BEGIN

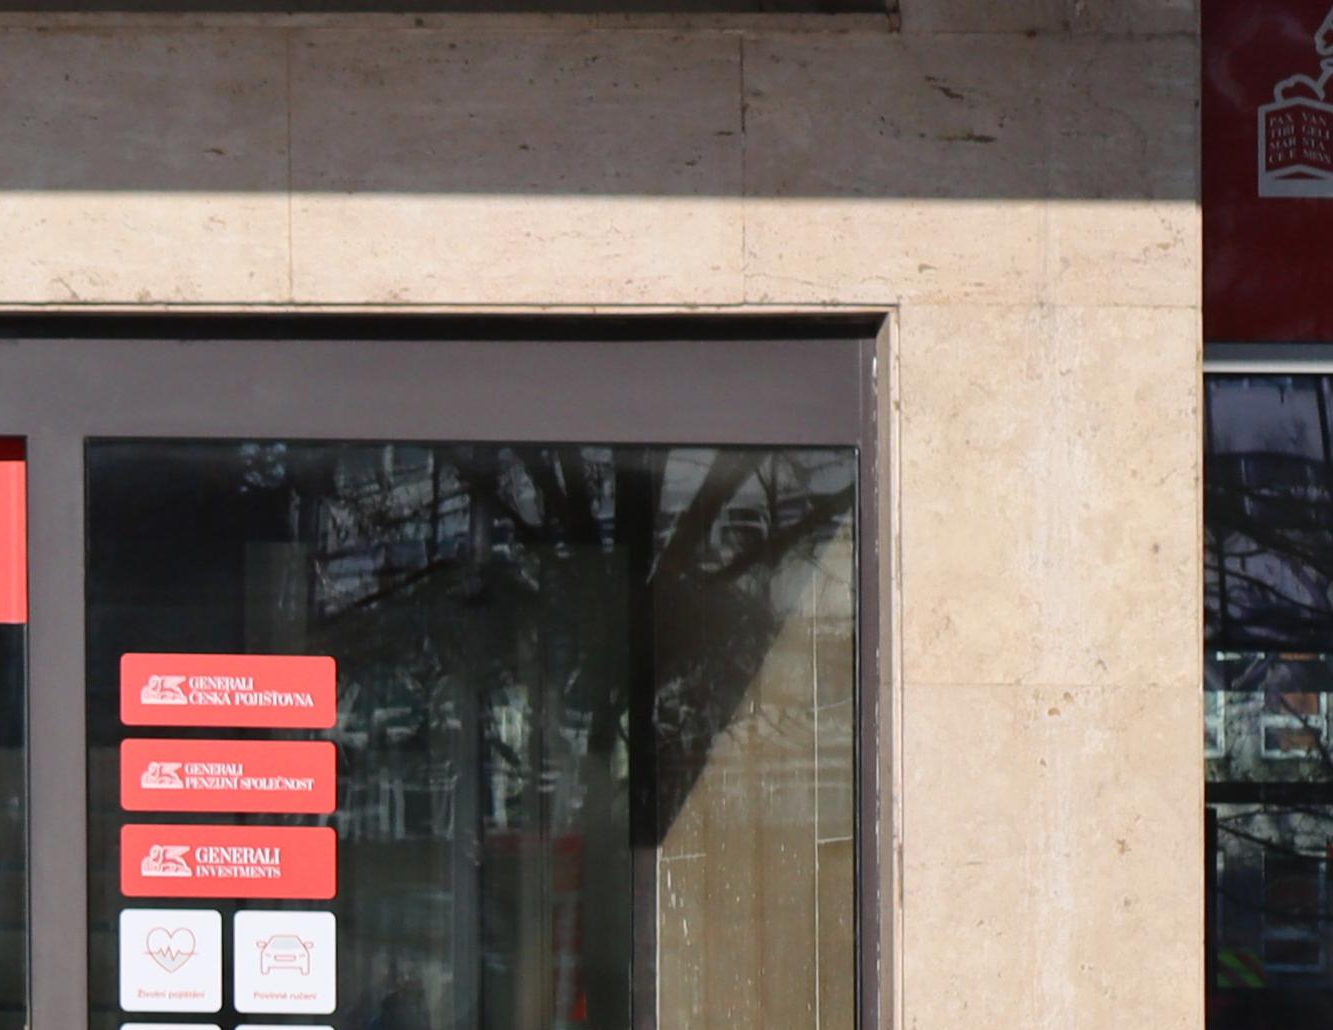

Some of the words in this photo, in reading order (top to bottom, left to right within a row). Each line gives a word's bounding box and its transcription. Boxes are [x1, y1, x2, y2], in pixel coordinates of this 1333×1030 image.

[189, 676, 253, 691] GENERALI
[189, 690, 231, 705] ČESKÁ
[234, 691, 314, 707] POJIŠŤOVNA
[185, 763, 243, 776] GENERALI
[185, 776, 239, 790] PENZIJNÍ
[240, 777, 314, 791] SPOLEČNOST
[195, 847, 281, 865] GENERALI
[196, 866, 281, 878] INVESTMENTS

END

### About this task:
Output the material word for word, and keep the pictures out.

### Expected output:
Some of the words in this photo, in reading order (top to bottom, left to right within a row). Each line gives a word's bounding box and its transcription. Boxes are [x1, y1, x2, y2], in pixel coordinates of this 1333×1030 image.

[189, 676, 253, 691] GENERALI
[189, 690, 231, 705] ČESKÁ
[234, 691, 314, 707] POJIŠŤOVNA
[185, 763, 243, 776] GENERALI
[185, 776, 239, 790] PENZIJNÍ
[240, 777, 314, 791] SPOLEČNOST
[195, 847, 281, 865] GENERALI
[196, 866, 281, 878] INVESTMENTS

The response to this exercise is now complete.